▼▼▼

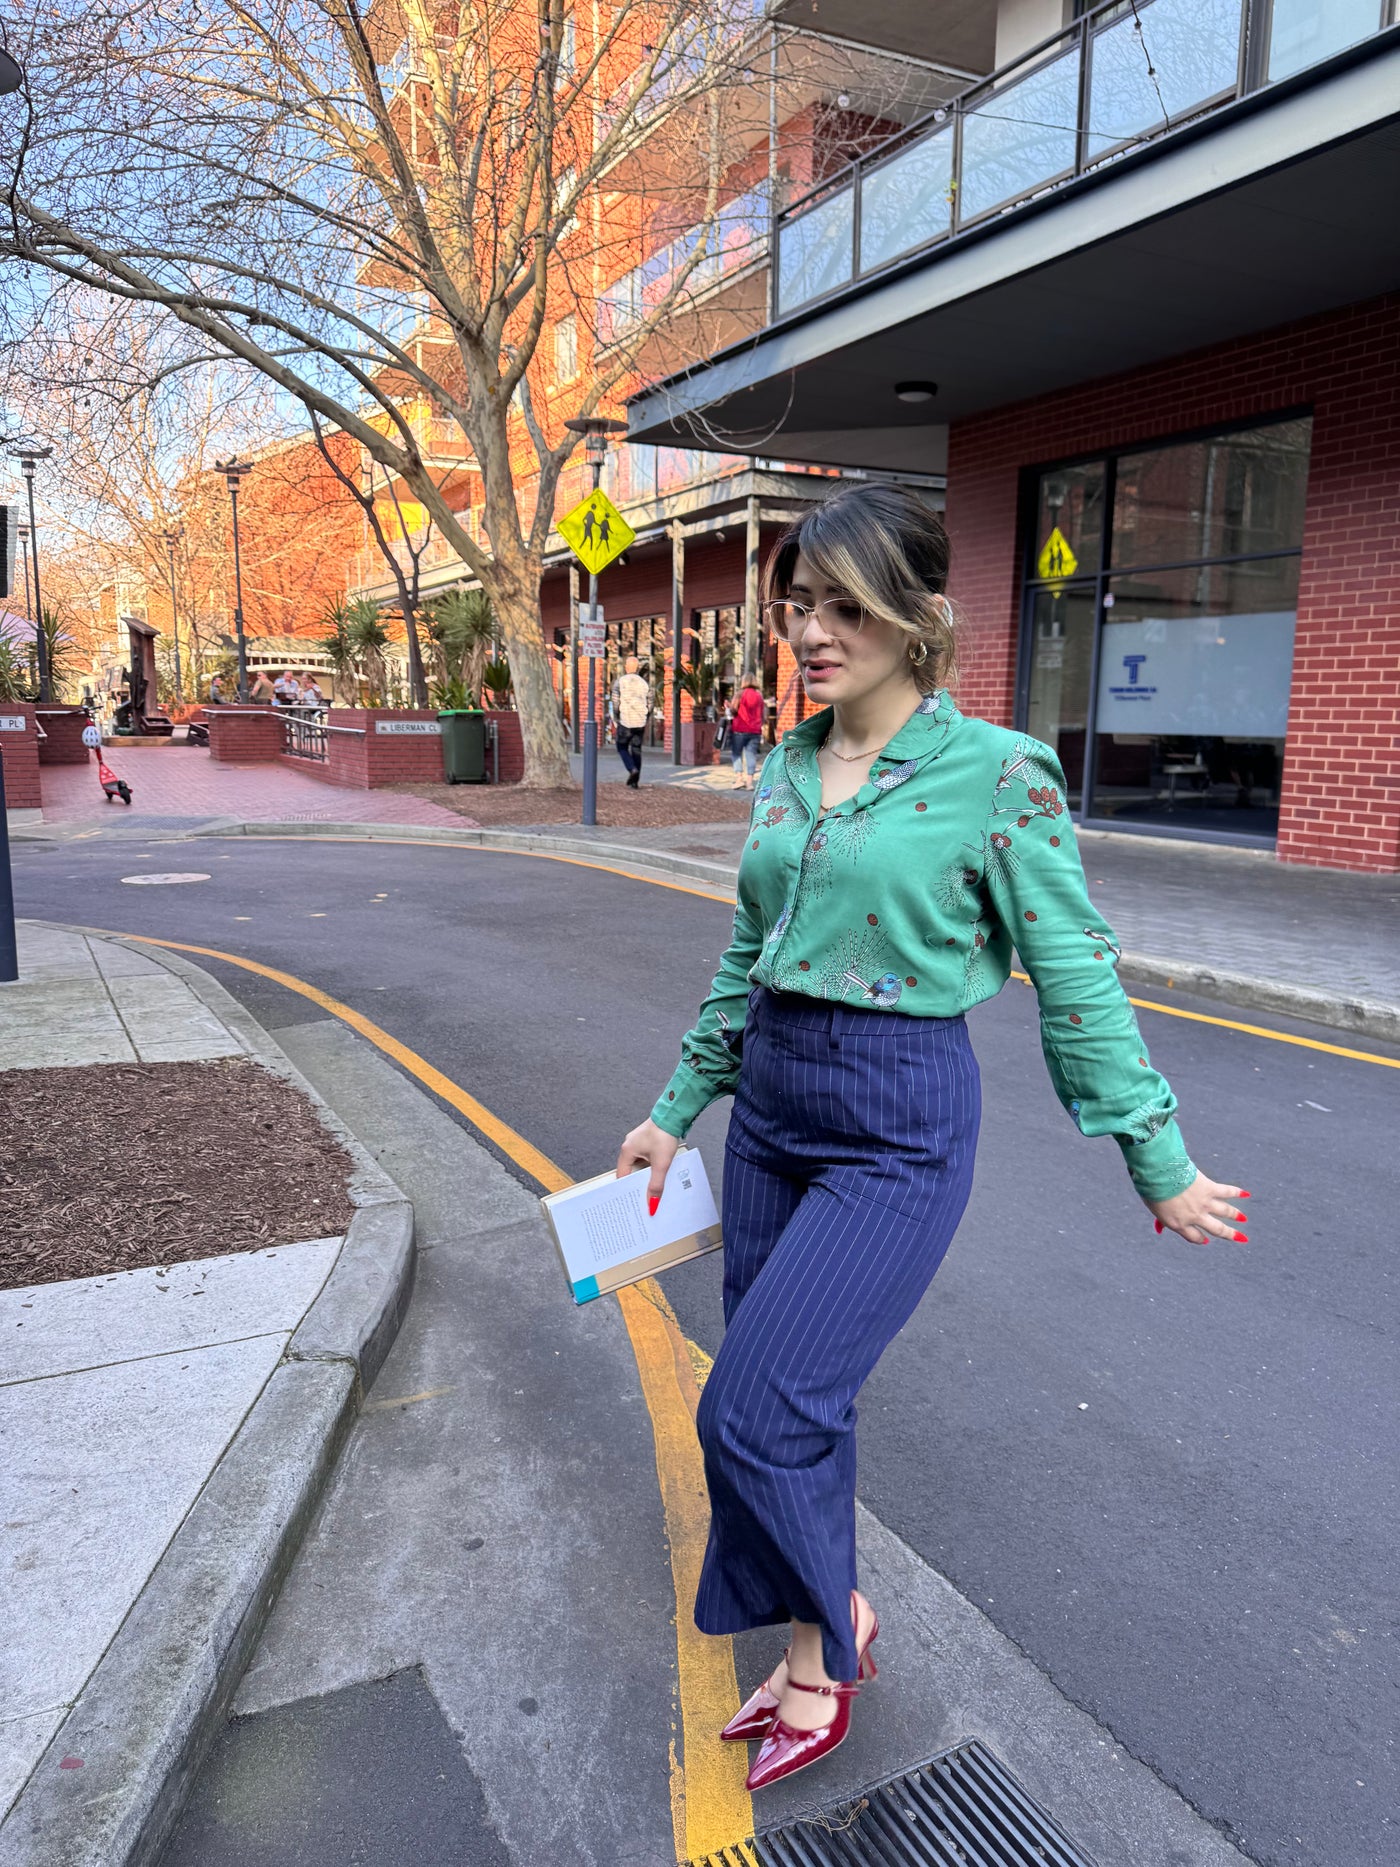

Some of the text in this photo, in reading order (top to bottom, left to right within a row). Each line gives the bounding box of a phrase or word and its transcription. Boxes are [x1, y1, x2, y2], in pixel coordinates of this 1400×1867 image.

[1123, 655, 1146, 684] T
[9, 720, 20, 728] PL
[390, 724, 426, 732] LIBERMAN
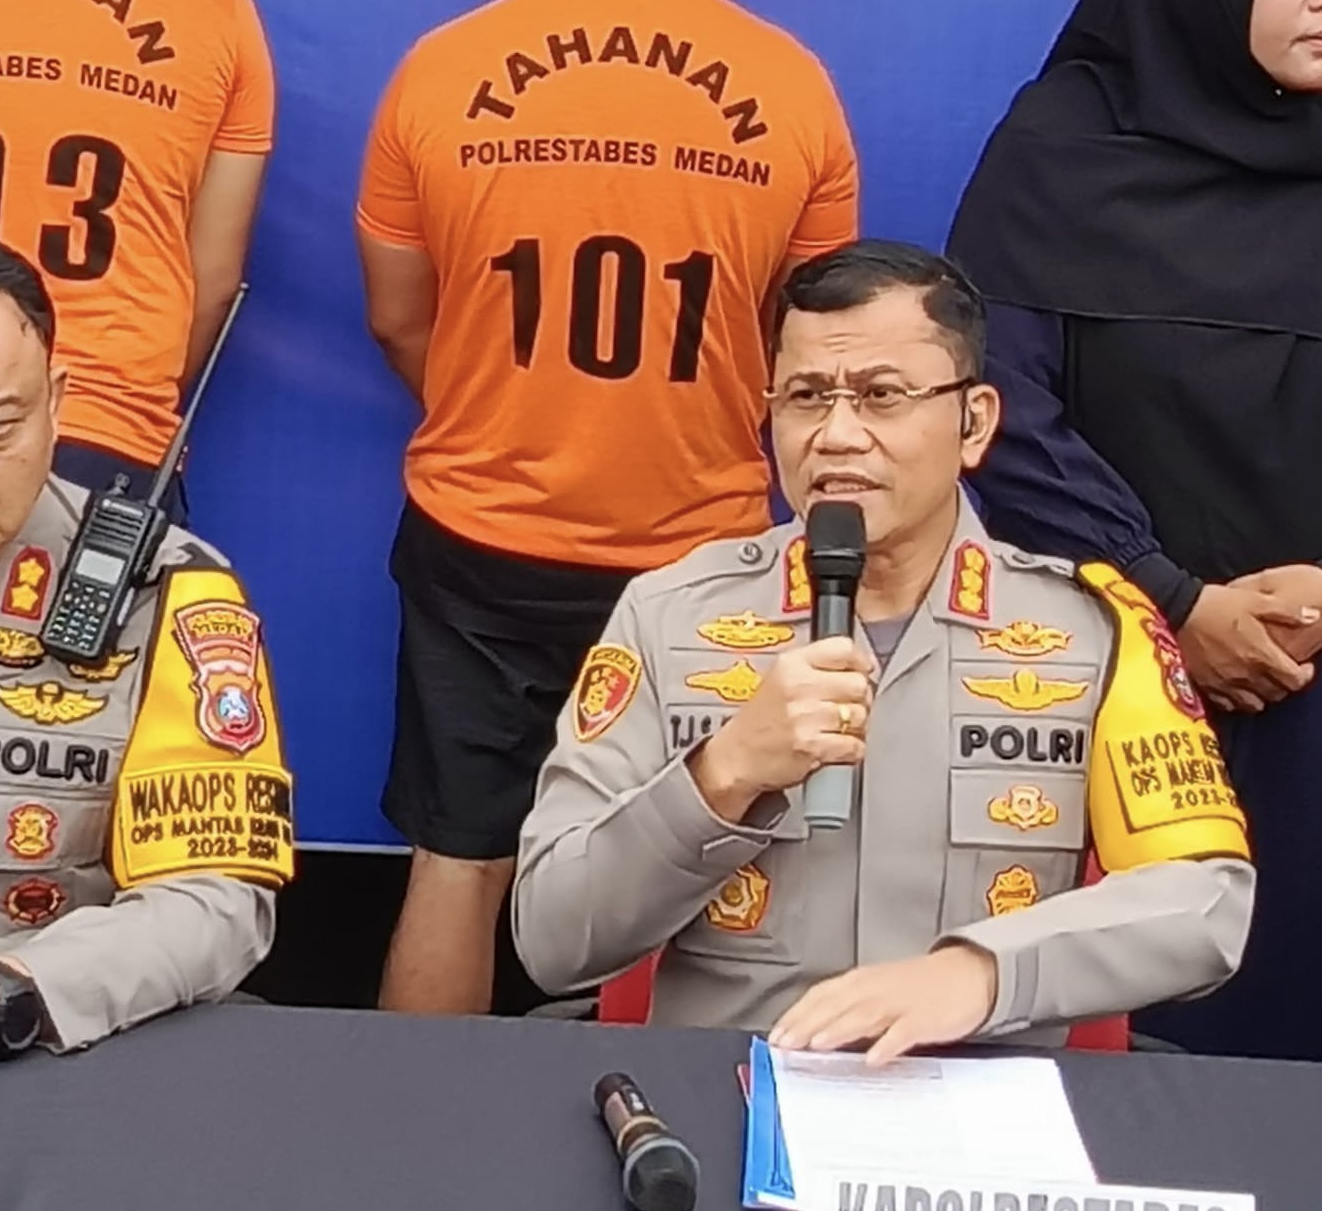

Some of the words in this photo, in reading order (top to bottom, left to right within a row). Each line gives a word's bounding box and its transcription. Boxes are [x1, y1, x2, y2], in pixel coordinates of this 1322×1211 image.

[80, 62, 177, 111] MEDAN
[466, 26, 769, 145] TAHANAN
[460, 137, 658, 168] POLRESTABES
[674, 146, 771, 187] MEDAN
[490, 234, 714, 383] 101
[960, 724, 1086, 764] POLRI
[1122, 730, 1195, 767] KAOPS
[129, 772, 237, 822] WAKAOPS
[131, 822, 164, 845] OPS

▲▲▲

> [Your assignment]:
Keep each line of the records exactly as it is while transcribing them, but leave the images behind.

> [Task solution]:
Some of the text in this photo, in reading order (top to bottom, left to right within a row). Each line gives the bounding box of a phrase or word and its transcription. Boxes are [x1, y1, x2, y2], in pixel coordinates of this 1400×1867 image.

[1123, 655, 1146, 684] T
[9, 720, 20, 728] PL
[390, 724, 426, 732] LIBERMAN

Some of the words in this photo, in reading order (top to bottom, left to right within a row). Each line gives a word's bounding box and its transcription. Boxes are [x1, y1, x2, y2], in pixel coordinates of this 1322×1211 image.

[80, 62, 177, 111] MEDAN
[466, 26, 769, 145] TAHANAN
[460, 137, 658, 168] POLRESTABES
[674, 146, 771, 187] MEDAN
[490, 234, 714, 383] 101
[960, 724, 1086, 764] POLRI
[1122, 730, 1195, 767] KAOPS
[129, 772, 237, 822] WAKAOPS
[131, 822, 164, 845] OPS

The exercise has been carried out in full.